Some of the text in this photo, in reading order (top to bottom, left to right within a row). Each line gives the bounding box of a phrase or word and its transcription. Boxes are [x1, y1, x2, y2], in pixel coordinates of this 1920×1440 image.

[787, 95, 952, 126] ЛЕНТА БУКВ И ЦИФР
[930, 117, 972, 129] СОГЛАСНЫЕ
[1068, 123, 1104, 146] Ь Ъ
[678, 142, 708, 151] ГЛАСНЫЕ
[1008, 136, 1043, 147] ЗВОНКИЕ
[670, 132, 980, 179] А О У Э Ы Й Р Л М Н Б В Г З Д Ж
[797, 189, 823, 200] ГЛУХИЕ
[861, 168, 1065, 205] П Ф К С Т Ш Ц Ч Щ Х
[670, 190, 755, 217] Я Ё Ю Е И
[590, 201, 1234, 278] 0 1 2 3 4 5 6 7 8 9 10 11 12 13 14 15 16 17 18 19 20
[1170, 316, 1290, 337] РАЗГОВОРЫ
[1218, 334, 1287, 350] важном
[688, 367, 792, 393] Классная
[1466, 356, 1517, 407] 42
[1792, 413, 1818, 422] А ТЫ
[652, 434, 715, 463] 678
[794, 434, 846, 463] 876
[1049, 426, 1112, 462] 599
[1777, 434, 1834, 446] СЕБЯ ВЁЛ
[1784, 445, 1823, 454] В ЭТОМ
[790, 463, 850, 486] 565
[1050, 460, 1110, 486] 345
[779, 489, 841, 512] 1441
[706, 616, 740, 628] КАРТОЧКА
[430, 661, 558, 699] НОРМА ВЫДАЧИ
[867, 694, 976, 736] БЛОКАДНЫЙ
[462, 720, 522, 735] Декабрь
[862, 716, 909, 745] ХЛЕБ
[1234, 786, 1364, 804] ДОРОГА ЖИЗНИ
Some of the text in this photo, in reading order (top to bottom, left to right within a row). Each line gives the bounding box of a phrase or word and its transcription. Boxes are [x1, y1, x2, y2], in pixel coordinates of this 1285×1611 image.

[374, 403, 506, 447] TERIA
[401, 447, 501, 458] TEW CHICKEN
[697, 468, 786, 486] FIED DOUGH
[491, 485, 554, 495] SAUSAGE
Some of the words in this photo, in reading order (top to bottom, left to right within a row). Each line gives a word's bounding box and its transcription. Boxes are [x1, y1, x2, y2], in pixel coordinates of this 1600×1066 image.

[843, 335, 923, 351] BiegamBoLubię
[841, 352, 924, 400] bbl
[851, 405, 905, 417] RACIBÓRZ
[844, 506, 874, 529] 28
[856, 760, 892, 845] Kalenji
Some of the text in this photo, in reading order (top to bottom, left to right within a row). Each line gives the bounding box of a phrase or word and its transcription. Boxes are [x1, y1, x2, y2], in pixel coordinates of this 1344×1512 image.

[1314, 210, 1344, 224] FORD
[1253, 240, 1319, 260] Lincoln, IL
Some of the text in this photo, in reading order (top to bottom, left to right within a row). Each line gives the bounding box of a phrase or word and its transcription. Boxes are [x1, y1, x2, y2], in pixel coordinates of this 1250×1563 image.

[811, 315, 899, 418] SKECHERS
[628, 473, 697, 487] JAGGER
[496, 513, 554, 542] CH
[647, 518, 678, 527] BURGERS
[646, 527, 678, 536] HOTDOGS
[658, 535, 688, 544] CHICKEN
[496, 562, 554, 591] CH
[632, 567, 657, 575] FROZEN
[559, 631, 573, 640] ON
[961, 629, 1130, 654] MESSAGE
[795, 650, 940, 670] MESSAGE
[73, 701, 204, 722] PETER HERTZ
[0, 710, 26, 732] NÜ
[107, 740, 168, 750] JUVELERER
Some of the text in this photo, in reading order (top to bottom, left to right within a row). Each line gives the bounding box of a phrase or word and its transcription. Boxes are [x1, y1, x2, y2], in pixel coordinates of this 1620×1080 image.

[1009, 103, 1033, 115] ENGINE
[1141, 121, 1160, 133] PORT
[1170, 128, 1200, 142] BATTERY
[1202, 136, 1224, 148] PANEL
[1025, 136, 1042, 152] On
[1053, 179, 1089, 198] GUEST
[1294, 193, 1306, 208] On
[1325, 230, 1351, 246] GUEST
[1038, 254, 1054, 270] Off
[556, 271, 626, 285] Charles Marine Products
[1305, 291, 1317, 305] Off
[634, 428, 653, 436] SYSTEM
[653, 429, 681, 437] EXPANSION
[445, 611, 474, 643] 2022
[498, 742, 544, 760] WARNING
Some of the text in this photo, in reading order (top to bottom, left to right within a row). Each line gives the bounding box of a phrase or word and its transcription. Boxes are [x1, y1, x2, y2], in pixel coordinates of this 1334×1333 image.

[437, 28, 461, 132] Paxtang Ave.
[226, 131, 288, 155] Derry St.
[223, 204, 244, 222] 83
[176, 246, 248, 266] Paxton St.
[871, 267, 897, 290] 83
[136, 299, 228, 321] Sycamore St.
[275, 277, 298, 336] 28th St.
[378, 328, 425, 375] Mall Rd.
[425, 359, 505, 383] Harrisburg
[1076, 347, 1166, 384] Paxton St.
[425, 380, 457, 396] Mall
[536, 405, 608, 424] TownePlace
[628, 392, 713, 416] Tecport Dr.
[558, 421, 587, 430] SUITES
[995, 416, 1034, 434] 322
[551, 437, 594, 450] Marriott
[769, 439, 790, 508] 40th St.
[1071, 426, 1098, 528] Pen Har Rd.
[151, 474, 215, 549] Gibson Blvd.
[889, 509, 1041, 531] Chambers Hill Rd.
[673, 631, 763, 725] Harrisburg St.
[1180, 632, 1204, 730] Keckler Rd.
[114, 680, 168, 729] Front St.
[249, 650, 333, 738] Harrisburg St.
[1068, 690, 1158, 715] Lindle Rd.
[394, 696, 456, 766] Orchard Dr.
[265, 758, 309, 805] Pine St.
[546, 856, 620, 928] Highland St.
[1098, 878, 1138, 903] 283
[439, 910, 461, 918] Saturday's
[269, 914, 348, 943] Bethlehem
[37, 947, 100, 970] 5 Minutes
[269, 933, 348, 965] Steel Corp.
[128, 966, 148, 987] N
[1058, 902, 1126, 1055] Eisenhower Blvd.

━━━━━━━━━━

● **Instructions to follow**
The answer is to be the complete listing, transcribed exactly.

● **Solution to the problem**
Some of the text in this photo, in reading order (top to bottom, left to right within a row). Each line gives the bounding box of a phrase or word and its transcription. Boxes are [x1, y1, x2, y2], in pixel coordinates of this 1920×1440 image.

[787, 95, 952, 126] ЛЕНТА БУКВ И ЦИФР
[930, 117, 972, 129] СОГЛАСНЫЕ
[1068, 123, 1104, 146] Ь Ъ
[678, 142, 708, 151] ГЛАСНЫЕ
[1008, 136, 1043, 147] ЗВОНКИЕ
[670, 132, 980, 179] А О У Э Ы Й Р Л М Н Б В Г З Д Ж
[797, 189, 823, 200] ГЛУХИЕ
[861, 168, 1065, 205] П Ф К С Т Ш Ц Ч Щ Х
[670, 190, 755, 217] Я Ё Ю Е И
[590, 201, 1234, 278] 0 1 2 3 4 5 6 7 8 9 10 11 12 13 14 15 16 17 18 19 20
[1170, 316, 1290, 337] РАЗГОВОРЫ
[1218, 334, 1287, 350] важном
[688, 367, 792, 393] Классная
[1466, 356, 1517, 407] 42
[1792, 413, 1818, 422] А ТЫ
[652, 434, 715, 463] 678
[794, 434, 846, 463] 876
[1049, 426, 1112, 462] 599
[1777, 434, 1834, 446] СЕБЯ ВЁЛ
[1784, 445, 1823, 454] В ЭТОМ
[790, 463, 850, 486] 565
[1050, 460, 1110, 486] 345
[779, 489, 841, 512] 1441
[706, 616, 740, 628] КАРТОЧКА
[430, 661, 558, 699] НОРМА ВЫДАЧИ
[867, 694, 976, 736] БЛОКАДНЫЙ
[462, 720, 522, 735] Декабрь
[862, 716, 909, 745] ХЛЕБ
[1234, 786, 1364, 804] ДОРОГА ЖИЗНИ
Some of the text in this photo, in reading order (top to bottom, left to right within a row). Each line gives the bounding box of a phrase or word and its transcription. Boxes are [x1, y1, x2, y2], in pixel coordinates of this 1285×1611 image.

[374, 403, 506, 447] TERIA
[401, 447, 501, 458] TEW CHICKEN
[697, 468, 786, 486] FIED DOUGH
[491, 485, 554, 495] SAUSAGE
Some of the words in this photo, in reading order (top to bottom, left to right within a row). Each line gives a word's bounding box and its transcription. Boxes are [x1, y1, x2, y2], in pixel coordinates of this 1600×1066 image.

[843, 335, 923, 351] BiegamBoLubię
[841, 352, 924, 400] bbl
[851, 405, 905, 417] RACIBÓRZ
[844, 506, 874, 529] 28
[856, 760, 892, 845] Kalenji
Some of the text in this photo, in reading order (top to bottom, left to right within a row). Each line gives the bounding box of a phrase or word and its transcription. Boxes are [x1, y1, x2, y2], in pixel coordinates of this 1344×1512 image.

[1314, 210, 1344, 224] FORD
[1253, 240, 1319, 260] Lincoln, IL
Some of the text in this photo, in reading order (top to bottom, left to right within a row). Each line gives the bounding box of a phrase or word and its transcription. Boxes are [x1, y1, x2, y2], in pixel coordinates of this 1250×1563 image.

[811, 315, 899, 418] SKECHERS
[628, 473, 697, 487] JAGGER
[496, 513, 554, 542] CH
[647, 518, 678, 527] BURGERS
[646, 527, 678, 536] HOTDOGS
[658, 535, 688, 544] CHICKEN
[496, 562, 554, 591] CH
[632, 567, 657, 575] FROZEN
[559, 631, 573, 640] ON
[961, 629, 1130, 654] MESSAGE
[795, 650, 940, 670] MESSAGE
[73, 701, 204, 722] PETER HERTZ
[0, 710, 26, 732] NÜ
[107, 740, 168, 750] JUVELERER
Some of the text in this photo, in reading order (top to bottom, left to right within a row). Each line gives the bounding box of a phrase or word and its transcription. Boxes are [x1, y1, x2, y2], in pixel coordinates of this 1620×1080 image.

[1009, 103, 1033, 115] ENGINE
[1141, 121, 1160, 133] PORT
[1170, 128, 1200, 142] BATTERY
[1202, 136, 1224, 148] PANEL
[1025, 136, 1042, 152] On
[1053, 179, 1089, 198] GUEST
[1294, 193, 1306, 208] On
[1325, 230, 1351, 246] GUEST
[1038, 254, 1054, 270] Off
[556, 271, 626, 285] Charles Marine Products
[1305, 291, 1317, 305] Off
[634, 428, 653, 436] SYSTEM
[653, 429, 681, 437] EXPANSION
[445, 611, 474, 643] 2022
[498, 742, 544, 760] WARNING
Some of the text in this photo, in reading order (top to bottom, left to right within a row). Each line gives the bounding box of a phrase or word and its transcription. Boxes are [x1, y1, x2, y2], in pixel coordinates of this 1334×1333 image.

[437, 28, 461, 132] Paxtang Ave.
[226, 131, 288, 155] Derry St.
[223, 204, 244, 222] 83
[176, 246, 248, 266] Paxton St.
[871, 267, 897, 290] 83
[136, 299, 228, 321] Sycamore St.
[275, 277, 298, 336] 28th St.
[378, 328, 425, 375] Mall Rd.
[425, 359, 505, 383] Harrisburg
[1076, 347, 1166, 384] Paxton St.
[425, 380, 457, 396] Mall
[536, 405, 608, 424] TownePlace
[628, 392, 713, 416] Tecport Dr.
[558, 421, 587, 430] SUITES
[995, 416, 1034, 434] 322
[551, 437, 594, 450] Marriott
[769, 439, 790, 508] 40th St.
[1071, 426, 1098, 528] Pen Har Rd.
[151, 474, 215, 549] Gibson Blvd.
[889, 509, 1041, 531] Chambers Hill Rd.
[673, 631, 763, 725] Harrisburg St.
[1180, 632, 1204, 730] Keckler Rd.
[114, 680, 168, 729] Front St.
[249, 650, 333, 738] Harrisburg St.
[1068, 690, 1158, 715] Lindle Rd.
[394, 696, 456, 766] Orchard Dr.
[265, 758, 309, 805] Pine St.
[546, 856, 620, 928] Highland St.
[1098, 878, 1138, 903] 283
[439, 910, 461, 918] Saturday's
[269, 914, 348, 943] Bethlehem
[37, 947, 100, 970] 5 Minutes
[269, 933, 348, 965] Steel Corp.
[128, 966, 148, 987] N
[1058, 902, 1126, 1055] Eisenhower Blvd.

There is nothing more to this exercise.